Fatos Kongoli (born January 12, 1944) has recently become one of the most forceful and convincing representatives of contemporary Albanian prose.

Biography
He was born and raised in Elbasan and studied at the Qemal Stafa High School, in Tirana, Albania. Afterwards he studied mathematics in China during the tense years of the Sino-Albanian alliance. Kongoli chose not to publish any major works during the dictatorship. Rather than this, he devoted his creative energies at the time to an obscure and apolitical career as a mathematician, and waited for the storm to pass. His narrative talent and individual style only really emerged, at any rate, in the 1990s, since the fall of the communist dictatorship.

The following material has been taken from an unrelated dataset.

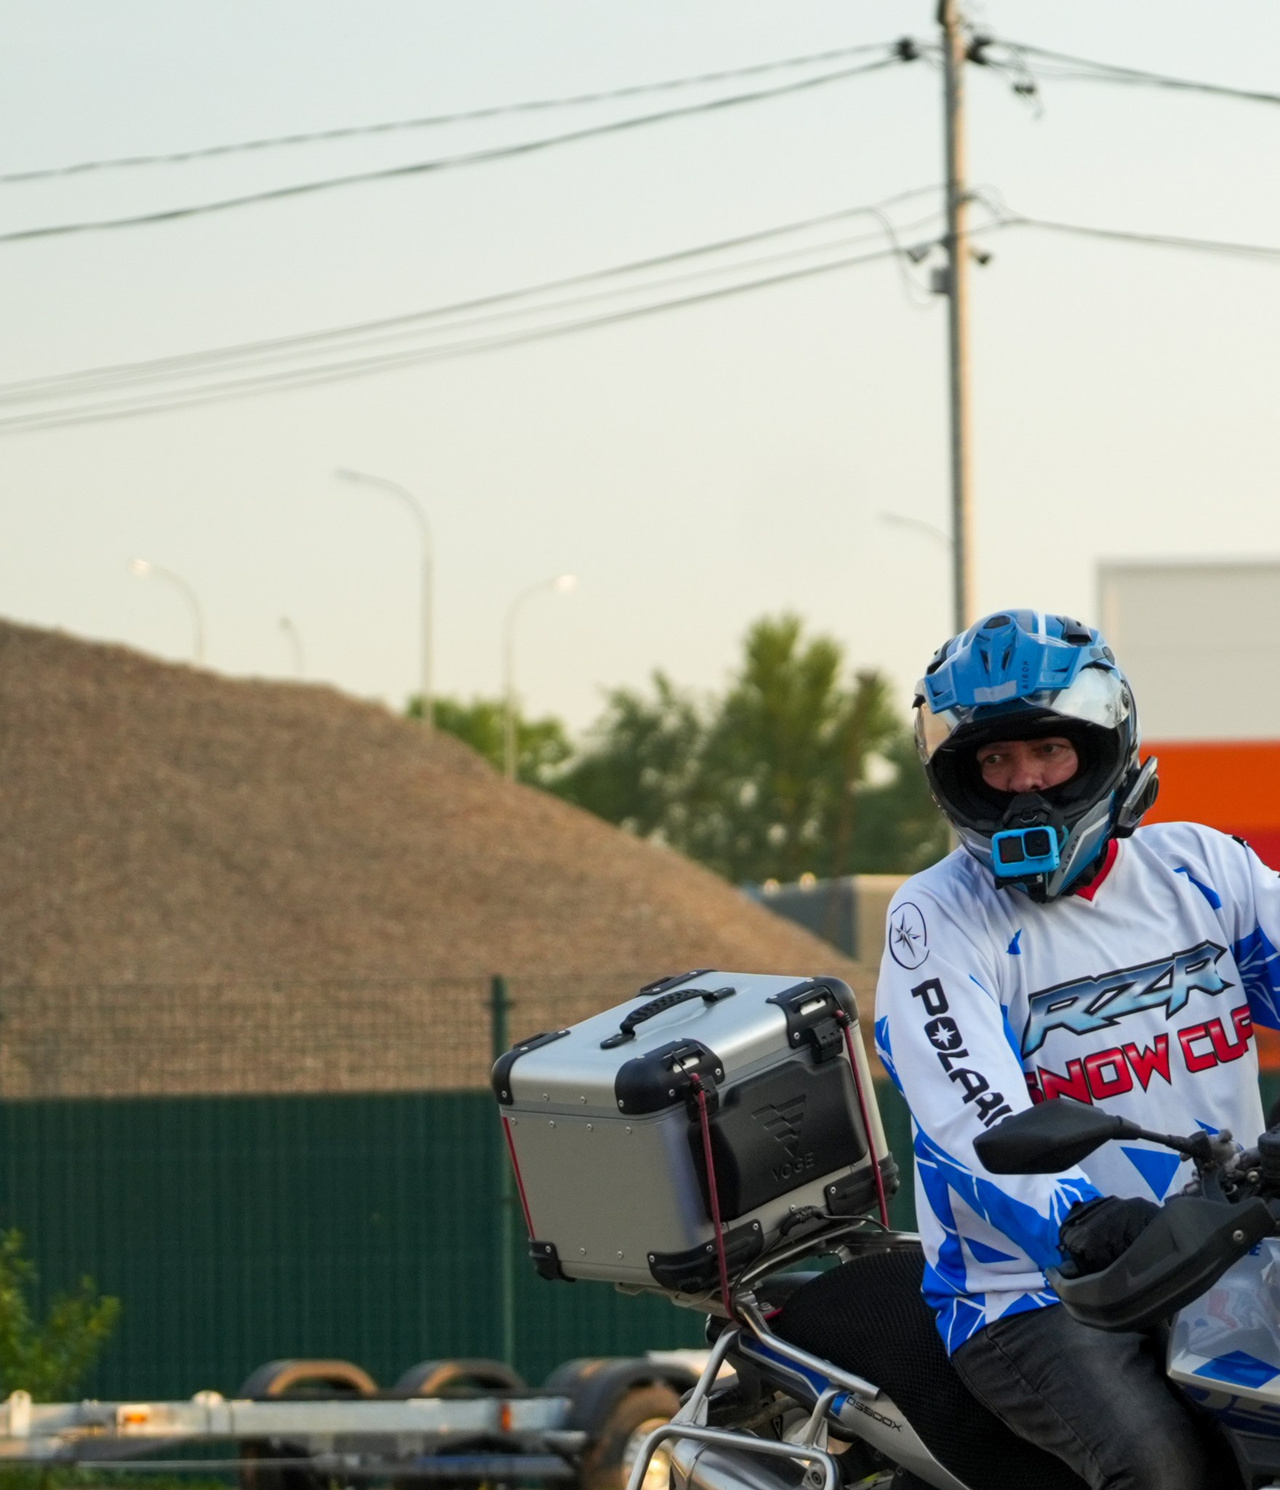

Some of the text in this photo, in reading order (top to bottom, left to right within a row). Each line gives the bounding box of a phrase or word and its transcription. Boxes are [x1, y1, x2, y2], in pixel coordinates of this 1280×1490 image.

His first major novel, The Loser (I humburi, Tirana 1992; English edition, 2007), is set in March 1991, when over 10,000 refugees scrambled onto a decrepit and heavily rusting freighter to escape the past and to reach the marvelous West. There they washed up, unwanted, on the shores of southern Italy. At the last moment before setting sail, protagonist Thesar Lumi, the 'loser' for whom all hope is too late, abandons his companions, disembarks and walks home. "I returned to my neighbourhood at the nightfall. No one had seen me leave and no one saw me come back." The narrative of the novel returns at this point to the long and numbing years of the Hoxha dictatorship to revive the climate of terror and universal despair which characterized day-to-day life in Albania in the 1960s and 1970s. Thesar Lumi was born on the banks of a river (Alb. lumi) in the looming shadow of the people's own cement factory, which produced more dust than it ever did cement. Despite a skeleton in the family closet, an uncle who had earlier fled the country, Thesar manages to get himself registered at the university, and penetrates briefly into a milieu which is not his own and never will be, that of the ruling families of Albania's red aristocracy. "At a tender age I learned that I belonged to an inferior race or, as I saw things at the time, to a category of mangy dogs to be kicked about and chased away." Thesar, whose fate in Albania's hermetic and suffocating society has been sealed once and for all, returns to live a life of futility and despair in a universe with no heroes. Far from the active protagonist struggling to control of his own destiny or even from the staid positive hero of socialist realism, Thesar Lumi is incapable of action and incapable of living. He is the voice of all the 'losers' who glimpse the silver clouds on the horizon and know full well that they will never reach them. "My existence is that of the mediocre, setting out from nothing and going nowhere." When first published in 1992, in what was a comparatively large edition of 10,000 copies, the novel found immediate success among the reading public.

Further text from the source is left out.